Few were surprised when Manley announced his decision to leave the new company Stellantis last September to become CEO of AutoNation. The British-born executive has become a strange man after Fiat Chrysler and PSA announced their intention to merge. Although Manley was the CEO of FCA and a key architect of the deal, he emerged in a secondary position, leading North American operations without a seat on Stellantis’ new board of directors. Yet Manley had a significant impact on Chrysler and then FCA, driving the growth of its profitable Jeep and Ram brands, the price that made the merger possible. (Michael Strong)

Stellantis Co-Founder and CEO Carlos Tavares

Akio Toyoda
Toyota Chairman and CEO Akio Toyoda

Tavares led the negotiations creating what is now the world’s fourth largest automaker for Fiat Chrysler and the PSA Group. But he’s already proven his skills in turning around long-struggling French automaker Peugeot when he was named CEO in 2014. It revealed Tavares to be cool, serious, effective and efficient. And that should now pay off, as Stellantis is expected to post a healthy profit at the start of 2022 after only one year of operation. But the new automaker has yet to prove that it is ready for the switch to electricity. (Joseph Szczesny)

The imports

Toyota CEO and Chairman Akio Toyoda

Makoto uchida
Nissan CEO Makoto Uchida

Toyota’s CEO remains one of the industry’s most vocal leaders. A master driver and car enthusiast, he insists that Toyotas are fun to drive. He loves sports cars, but has resisted their engineering, relying on other automakers to do the heavy lifting. It is also resisting the industry’s aggressive march towards electrification as a response to climate change, emphasizing instead a range of solutions, including hydrogen fuel cell vehicles and plug-in hybrids. Under the leadership of the grandson of the founder of Toyota, the automaker will end the year as the world’s best-selling automaker. (Larry Printz)

Nissan CEO Makoto Uchida

Herbert Diess, President of Volkswagen AG
Herbert Diess, President of Volkswagen AG

The veteran CEO intervened during Nissan’s worst crisis in decades, the controversial arrest of former boss Carlos Ghon and the subsequent ousting of Hiroto Saikawa. CEO Uchida has set a goal of bringing Nissan back into the dark within two years. It implemented $ 2.8 billion in cost cuts, pushed for a smaller and updated lineup and fewer sales.
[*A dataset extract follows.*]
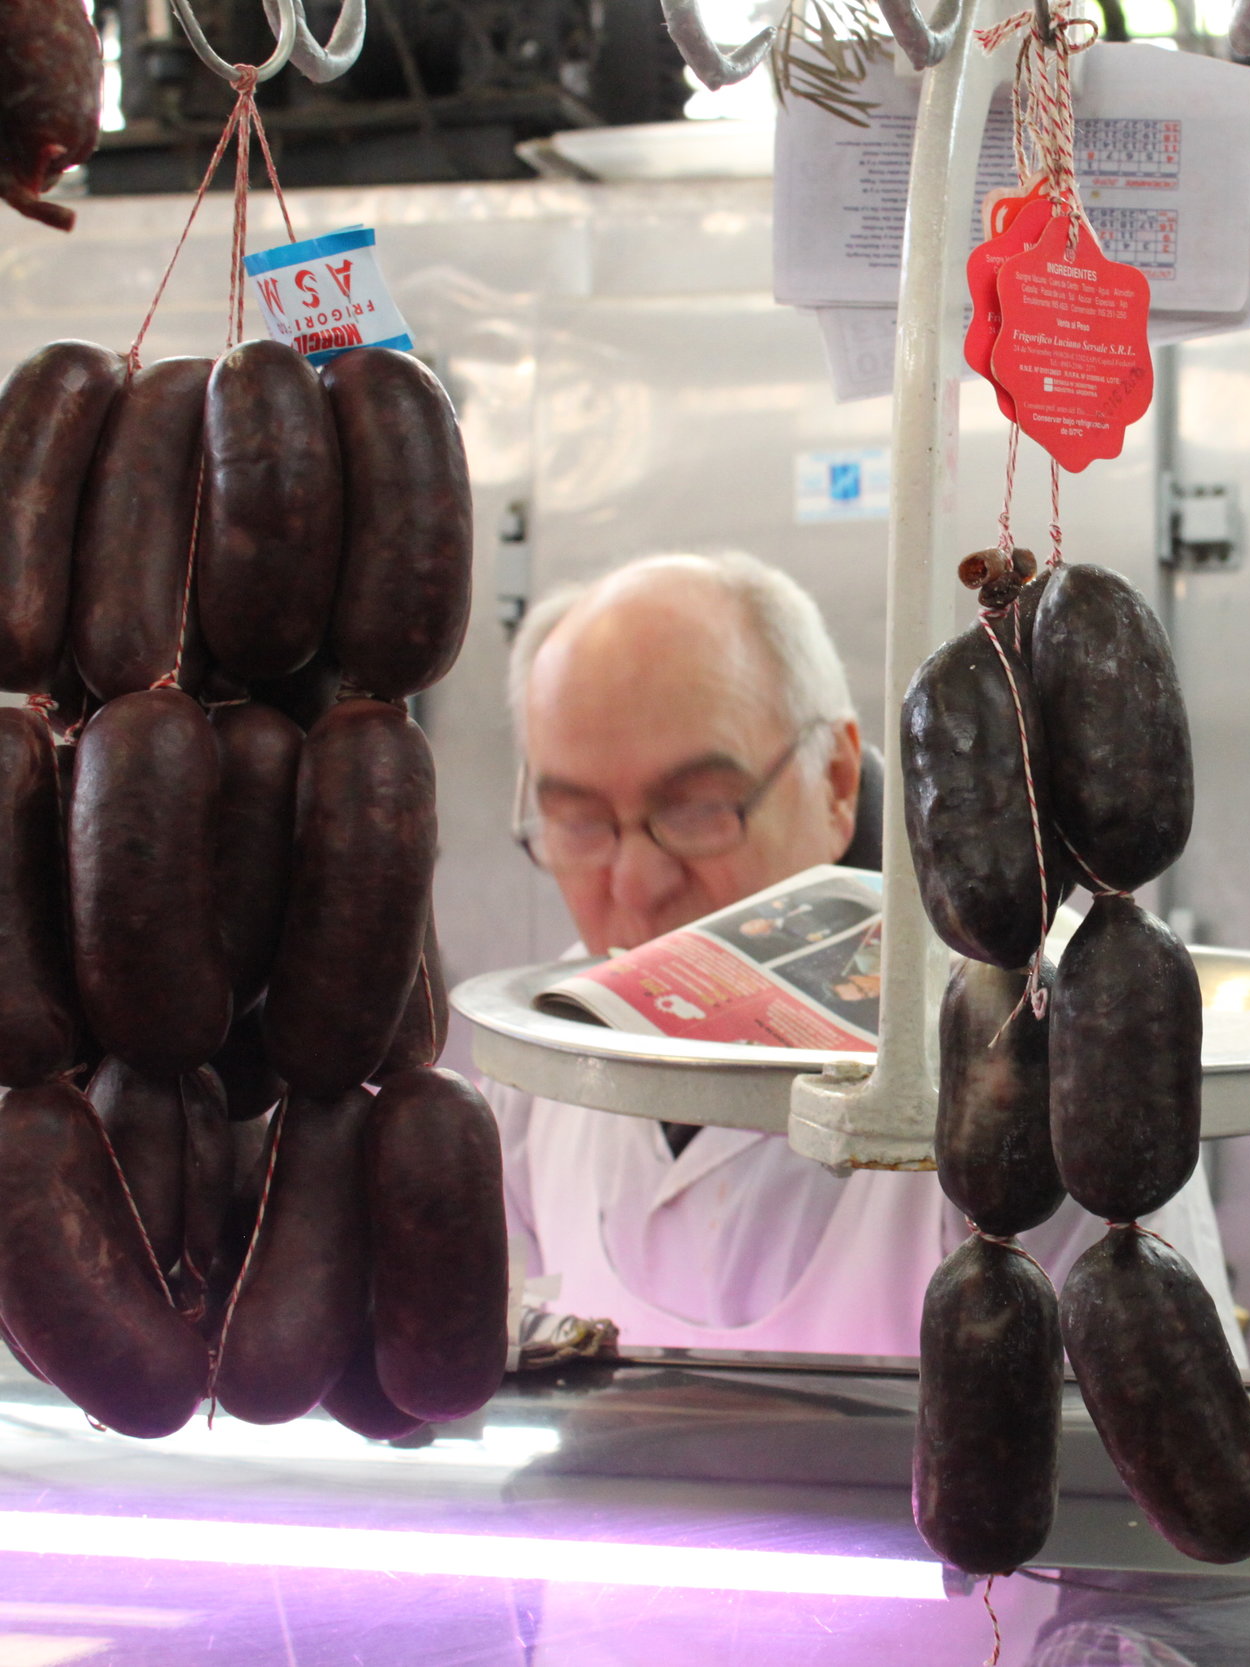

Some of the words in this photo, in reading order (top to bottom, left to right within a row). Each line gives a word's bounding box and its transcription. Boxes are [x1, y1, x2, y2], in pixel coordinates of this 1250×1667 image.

[1047, 262, 1097, 281] INGREDIENTES
[1054, 336, 1081, 349] Luciano
[1082, 340, 1108, 353] Sersale
[1109, 345, 1136, 356] S.R.L.
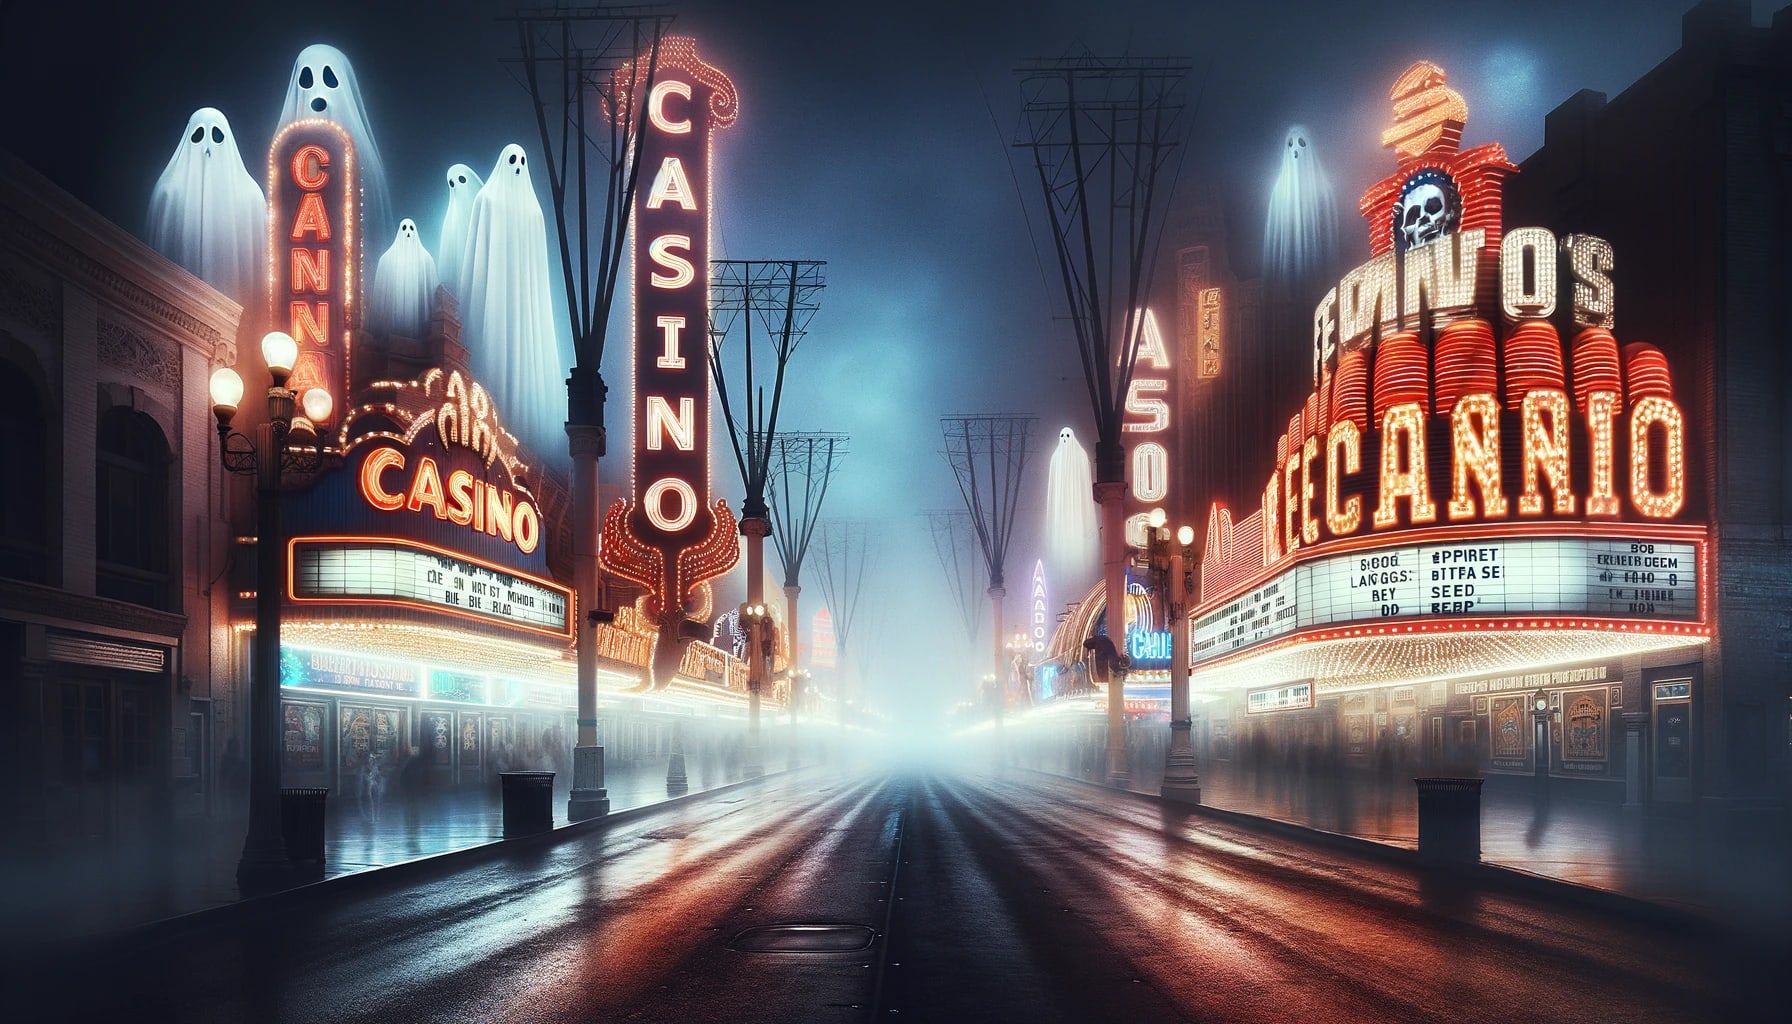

The company delivered on its promises, declaring its first profitable quarter in 2021. It is revamping (read: electrifies) its portfolio, introducing its second consumer electric vehicle, the Ariya, and brought back the legendary Z car. (Michael Strong)

Herbert Diess, CEO of the Volkswagen Group

As 2021 draws to a close, it is anything but certain that Diess will remain at the helm of Volkswagen a year from now. The former BMW executive was another unexpected leader, taking the reins at VW after the diesel emissions scandal. He responded by initiating a $ 110 billion shift to battery power at the automaker’s 14 brands. But, in the process, Diess clashed with the automaker’s powerful German union. He was forced to step down as boss of the VW brand and, for now, remains a business leader, retaining the support of the Porsche and Piech families. (Paul A. Eisenstein)

Elon Musk 2021
Elon Musk, CEO of Tesla

The challengers

Elon Musk, CEO of Tesla

Musk, born in South Africa, is both a controversial figure and someone who has made an indelible impact on the global auto industry. After years of struggle, Tesla is now in the dark and sales are increasing worldwide. But Musk – and Tesla – faced a number of challenges in 2021, starting with safety concerns involving Autopilot technology. The company enters 2022 by opening two new vehicle factories, moving its headquarters from California to Texas – and facing a wave of new EV competitors. And Musk, the richest man in the world, is about to pay more than $ 11 billion in taxes. (Michael Strong)

RJ Scaringe, Founder and CEO of Rivian

RJ Scaringe speaks
RJ Scaringe, Founder and CEO of Rivian

Scaringe says he was bitten by the auto virus when he was just a child. The love of cars led him to pursue graduate studies at the Massachusetts Institute of Technology where he obtained a doctorate. in automotive engineering. After graduating during the Great Recession he continued his passion by starting his own electric vehicle business, Rivian, which attracted backers like Amazon, began delivering his first vehicles this year, including the pickup truck. R1T and all-electric delivery vans for Amazon. He staged a successful IPO in November that made Scaringe a billionaire. (Joseph Szczesny)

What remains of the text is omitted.